Wednesday , 1 May 2024

Iran parliament rejects Raisi’s pick for education minister

Al-Monitor – After a heated parliamentary session Nov. 16, Iranian lawmakers refused to give a vote of confidence to Masoud Fayyazi, who had been proposed by hard-line President Ebrahim Raisi to run Iran’s Education Ministry.  

The 46-year-old conservative jurisprudence expert fell short by 16 votes of the required threshold of approval from half of the 260 present lawmakers.

The vote came as little surprise. It was preceded by an internal meeting of the parliament’s Education Committee where Fayyazi’s nomination was rejected over his “lack of experience.”

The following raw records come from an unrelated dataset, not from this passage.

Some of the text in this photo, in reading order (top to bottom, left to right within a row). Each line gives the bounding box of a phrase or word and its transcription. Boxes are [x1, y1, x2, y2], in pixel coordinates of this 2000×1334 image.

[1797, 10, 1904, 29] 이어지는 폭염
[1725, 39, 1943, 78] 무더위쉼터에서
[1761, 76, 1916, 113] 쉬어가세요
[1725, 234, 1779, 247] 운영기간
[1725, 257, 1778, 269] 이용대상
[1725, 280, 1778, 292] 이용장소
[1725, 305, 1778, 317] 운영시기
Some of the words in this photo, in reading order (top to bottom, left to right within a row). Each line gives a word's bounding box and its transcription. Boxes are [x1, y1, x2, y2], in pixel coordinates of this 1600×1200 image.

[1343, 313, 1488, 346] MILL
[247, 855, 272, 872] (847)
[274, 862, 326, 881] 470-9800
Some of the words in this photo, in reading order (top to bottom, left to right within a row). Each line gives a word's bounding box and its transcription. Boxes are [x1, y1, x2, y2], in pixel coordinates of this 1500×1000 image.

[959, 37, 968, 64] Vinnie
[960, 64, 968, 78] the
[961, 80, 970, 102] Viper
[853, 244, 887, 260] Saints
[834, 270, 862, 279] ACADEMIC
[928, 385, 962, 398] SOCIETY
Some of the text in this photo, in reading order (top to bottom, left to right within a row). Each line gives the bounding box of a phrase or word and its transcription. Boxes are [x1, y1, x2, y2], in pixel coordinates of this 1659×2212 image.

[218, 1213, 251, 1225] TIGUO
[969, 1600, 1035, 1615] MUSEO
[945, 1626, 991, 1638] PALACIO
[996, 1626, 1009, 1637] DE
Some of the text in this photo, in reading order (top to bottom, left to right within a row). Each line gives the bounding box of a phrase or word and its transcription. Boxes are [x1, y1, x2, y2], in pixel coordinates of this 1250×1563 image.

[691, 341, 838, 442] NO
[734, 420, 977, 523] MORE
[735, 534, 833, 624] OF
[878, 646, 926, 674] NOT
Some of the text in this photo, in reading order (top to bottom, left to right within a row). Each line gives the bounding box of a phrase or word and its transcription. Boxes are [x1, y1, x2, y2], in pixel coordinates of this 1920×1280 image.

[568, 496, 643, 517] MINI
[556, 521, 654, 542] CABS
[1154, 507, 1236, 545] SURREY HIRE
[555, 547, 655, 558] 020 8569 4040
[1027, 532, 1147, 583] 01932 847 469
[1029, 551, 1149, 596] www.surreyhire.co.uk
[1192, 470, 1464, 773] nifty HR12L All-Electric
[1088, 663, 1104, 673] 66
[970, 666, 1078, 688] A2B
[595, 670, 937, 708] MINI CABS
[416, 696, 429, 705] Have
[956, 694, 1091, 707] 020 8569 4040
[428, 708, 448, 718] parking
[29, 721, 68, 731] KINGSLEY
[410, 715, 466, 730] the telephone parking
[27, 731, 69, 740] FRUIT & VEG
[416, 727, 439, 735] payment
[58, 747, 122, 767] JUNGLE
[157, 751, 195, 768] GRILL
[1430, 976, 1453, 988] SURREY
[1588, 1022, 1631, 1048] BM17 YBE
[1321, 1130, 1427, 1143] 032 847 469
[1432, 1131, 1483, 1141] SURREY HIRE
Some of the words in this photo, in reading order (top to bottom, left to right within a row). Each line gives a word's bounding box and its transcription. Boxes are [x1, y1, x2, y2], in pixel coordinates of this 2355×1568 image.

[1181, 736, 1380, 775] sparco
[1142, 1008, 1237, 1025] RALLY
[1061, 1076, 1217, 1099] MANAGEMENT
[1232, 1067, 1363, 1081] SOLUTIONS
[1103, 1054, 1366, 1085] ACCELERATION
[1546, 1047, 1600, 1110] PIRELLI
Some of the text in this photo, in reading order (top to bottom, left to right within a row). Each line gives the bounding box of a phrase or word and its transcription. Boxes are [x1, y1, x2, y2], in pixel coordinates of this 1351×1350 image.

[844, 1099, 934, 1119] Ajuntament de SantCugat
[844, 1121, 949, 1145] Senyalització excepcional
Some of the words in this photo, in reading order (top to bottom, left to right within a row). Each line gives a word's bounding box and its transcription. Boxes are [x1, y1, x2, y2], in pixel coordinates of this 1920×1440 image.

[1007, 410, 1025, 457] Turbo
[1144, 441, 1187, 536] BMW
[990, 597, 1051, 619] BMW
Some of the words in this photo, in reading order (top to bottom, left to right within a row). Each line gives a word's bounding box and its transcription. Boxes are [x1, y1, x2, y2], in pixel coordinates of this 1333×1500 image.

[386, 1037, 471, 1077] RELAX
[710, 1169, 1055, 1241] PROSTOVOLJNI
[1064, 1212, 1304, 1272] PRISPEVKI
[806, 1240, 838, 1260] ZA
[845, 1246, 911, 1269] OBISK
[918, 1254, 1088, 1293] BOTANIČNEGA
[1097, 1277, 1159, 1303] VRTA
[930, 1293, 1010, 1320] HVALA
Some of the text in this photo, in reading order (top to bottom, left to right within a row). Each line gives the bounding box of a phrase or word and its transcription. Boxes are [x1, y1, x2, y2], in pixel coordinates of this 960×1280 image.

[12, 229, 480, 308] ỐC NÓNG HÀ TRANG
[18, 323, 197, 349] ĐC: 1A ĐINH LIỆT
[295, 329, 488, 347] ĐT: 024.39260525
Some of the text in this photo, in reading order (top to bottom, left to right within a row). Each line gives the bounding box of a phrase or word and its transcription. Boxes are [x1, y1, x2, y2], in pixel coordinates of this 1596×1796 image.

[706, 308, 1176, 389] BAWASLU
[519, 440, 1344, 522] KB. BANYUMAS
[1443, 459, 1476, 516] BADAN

“He has not even worked as a principal at a small primary school in the remotest towns and is [thus] incapable of sorting out the educational system’s problems,” said conservative parliamentarian Jalil Rahimi ahead of the vote. The statement echoed growing concerns about the nominee’s “incompetence” already raised by other politicians, critics and teachers. 

A minimum five-year teaching experience is required by Iranian law for the position of a school principal. With such a rule strictly applied to ambitious teachers, many Iranians wondered how in the absence of the needed background, Fayyazi had still been proposed by the president.

In a last-minute address to parliament, Raisi attempted in vain to save his pick, declaring that Fayyazi had beaten some 20 other contenders.

A former deputy of the Iranian Parliament’s Research Center, Fayyazi is believed to have acted as one of the key architects of a contentious bill aimed at imposing severe curbs on Iran’s social media.

Across those very social media platforms, the Fayyazi nomination also stirred up a parallel debate on favoritism. Many pointed out his family association with Alireza Zakani, Tehran’s hard-line mayor and a close ally of the president.

The no-confidence vote marked a deadlock over the fate of the vital Education Ministry position, which has remained vacant since Raisi’s inauguration in August. After the voting session, Parliament Speaker Mohammad Bagher Ghalibaf advised the Iranian president to promptly come up with his new nominee.

Whoever becomes the next education minister, they will have to brace for a multitude of challenges. The pandemic-hit country has seen its schools almost entirely shut for nearly 20 months, during which the poor infrastructure for the alternative online learning scheme has exposed serious deficiencies.

Next to that, the new education minister will be overwhelmed with accumulated demands expressed in recent nationwide sit-ins by thousands of teachers, whose livelihood is being relentlessly squeezed by strains of Iran’s sanctions-hit, battered economy.